Libraesva is now LibraCyber!

In March 2026, the White House issued an Executive Order explicitly naming phishing, business email compromise (BEC), ransomware delivery, and impersonation schemes as coordinated threats warranting a federal response. It directed agencies to harden digital systems, mandate information sharing between public and private sectors, and hold foreign states accountable for harboring cybercriminal infrastructure.

That’s a clear signal to U.S. businesses that email security is more important than ever. The EU has been moving in a similar direction for much longer. NIS2, DORA, and an increasingly aggressive GDPR enforcement posture have already shifted the compliance baseline for organizations operating across borders. While they may not be planned in tandem, these efforts are global, and email is at the center of nearly every threat these frameworks are designed to address.

What Do Global Mandates Require? 

For IT and security teams, the frameworks translate into specific, auditable controls.
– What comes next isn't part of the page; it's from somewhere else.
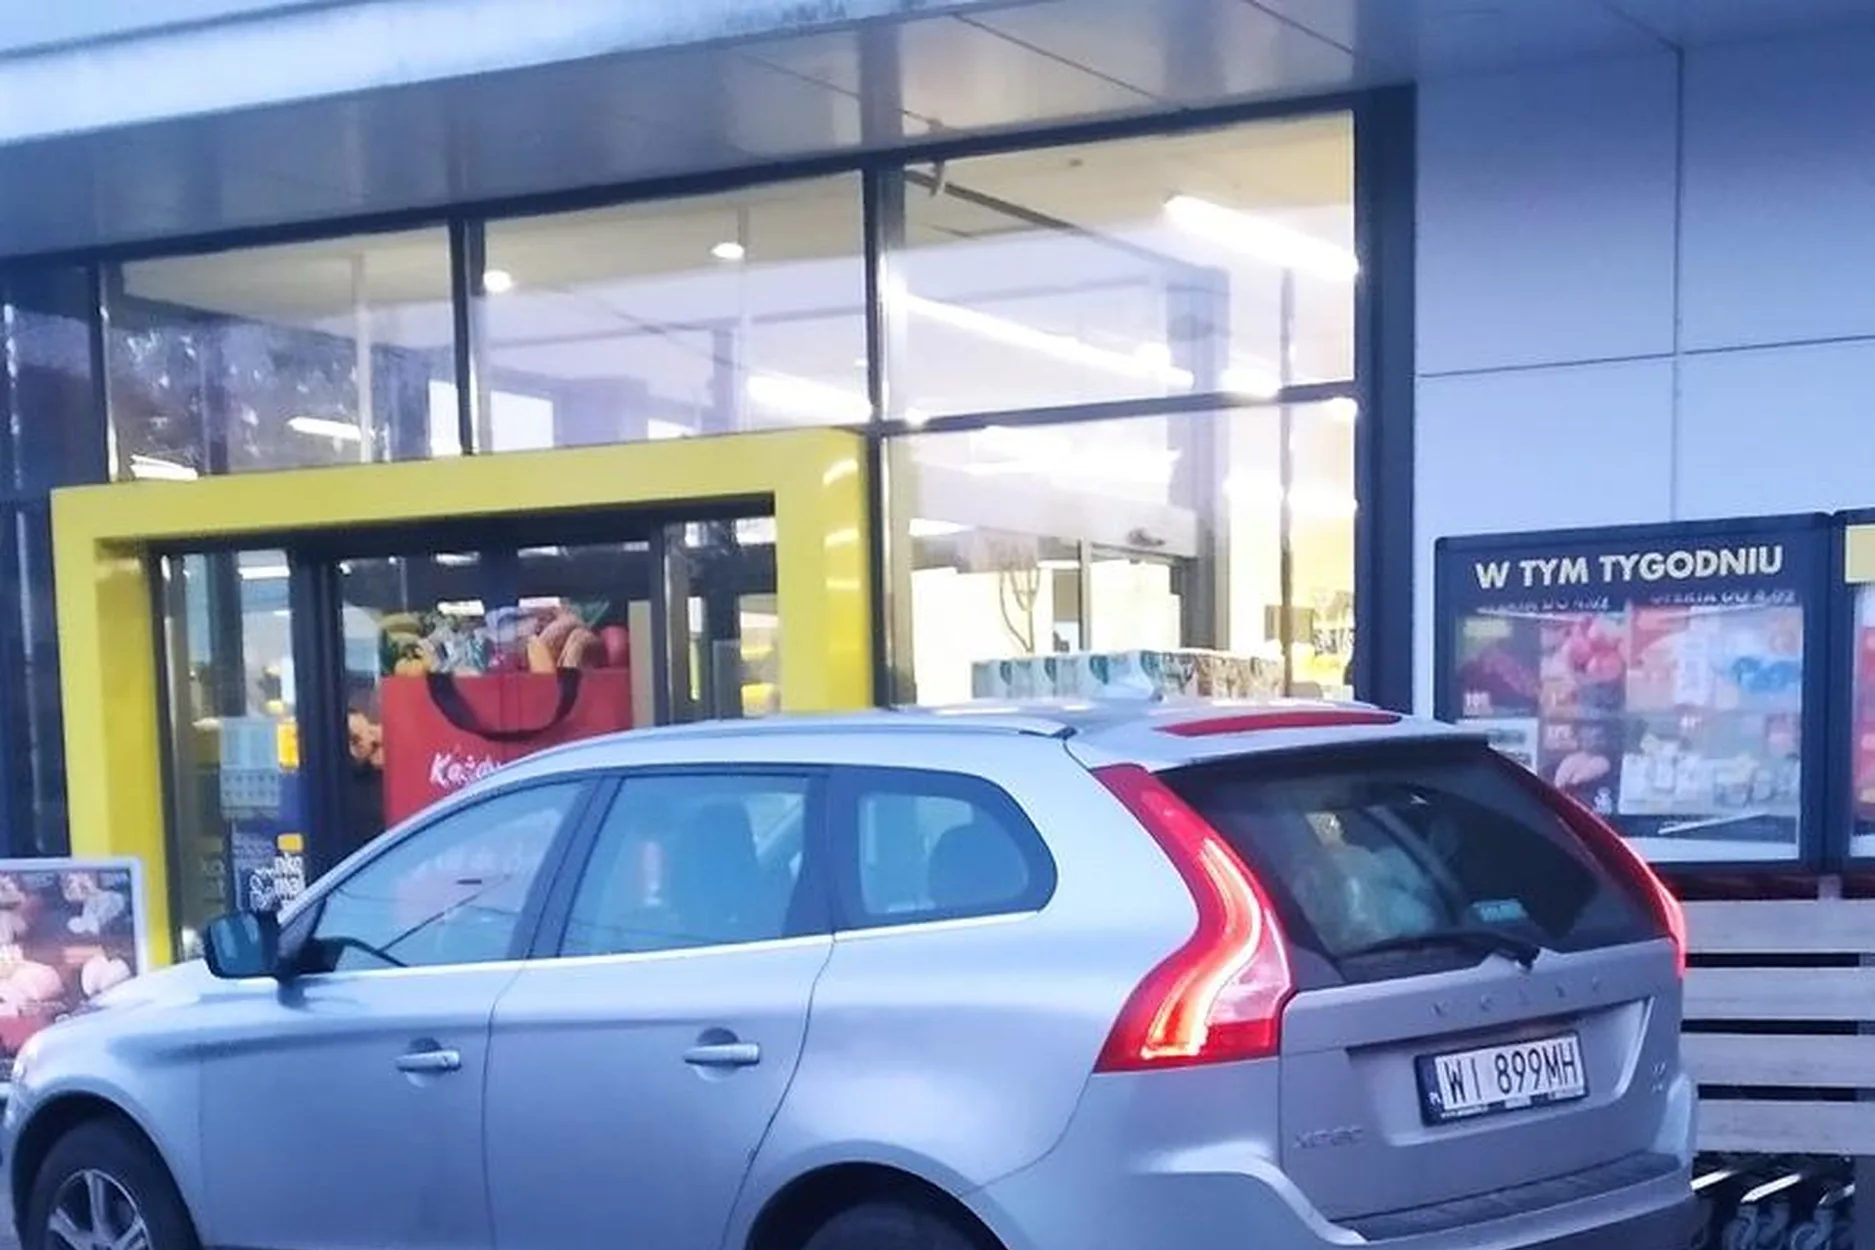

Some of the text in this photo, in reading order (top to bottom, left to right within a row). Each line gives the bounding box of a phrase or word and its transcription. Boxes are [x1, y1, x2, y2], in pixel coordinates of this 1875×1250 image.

These aren’t high-level recommendations; regulators increasingly expect to see documented implementation and evidence of enforcement:

  • Email authentication enforcement (SPF, DKIM, DMARC): Domain spoofing and impersonation are explicitly called out in both the U.S. EO and NIS2 as preventable attack vectors. DMARC policies at p=reject or p=quarantine, with verified DKIM signing and strict SPF alignment, are fast becoming the baseline expectation. Misconfigured or absent authentication records are low-hanging fruit for auditors and attackers alike.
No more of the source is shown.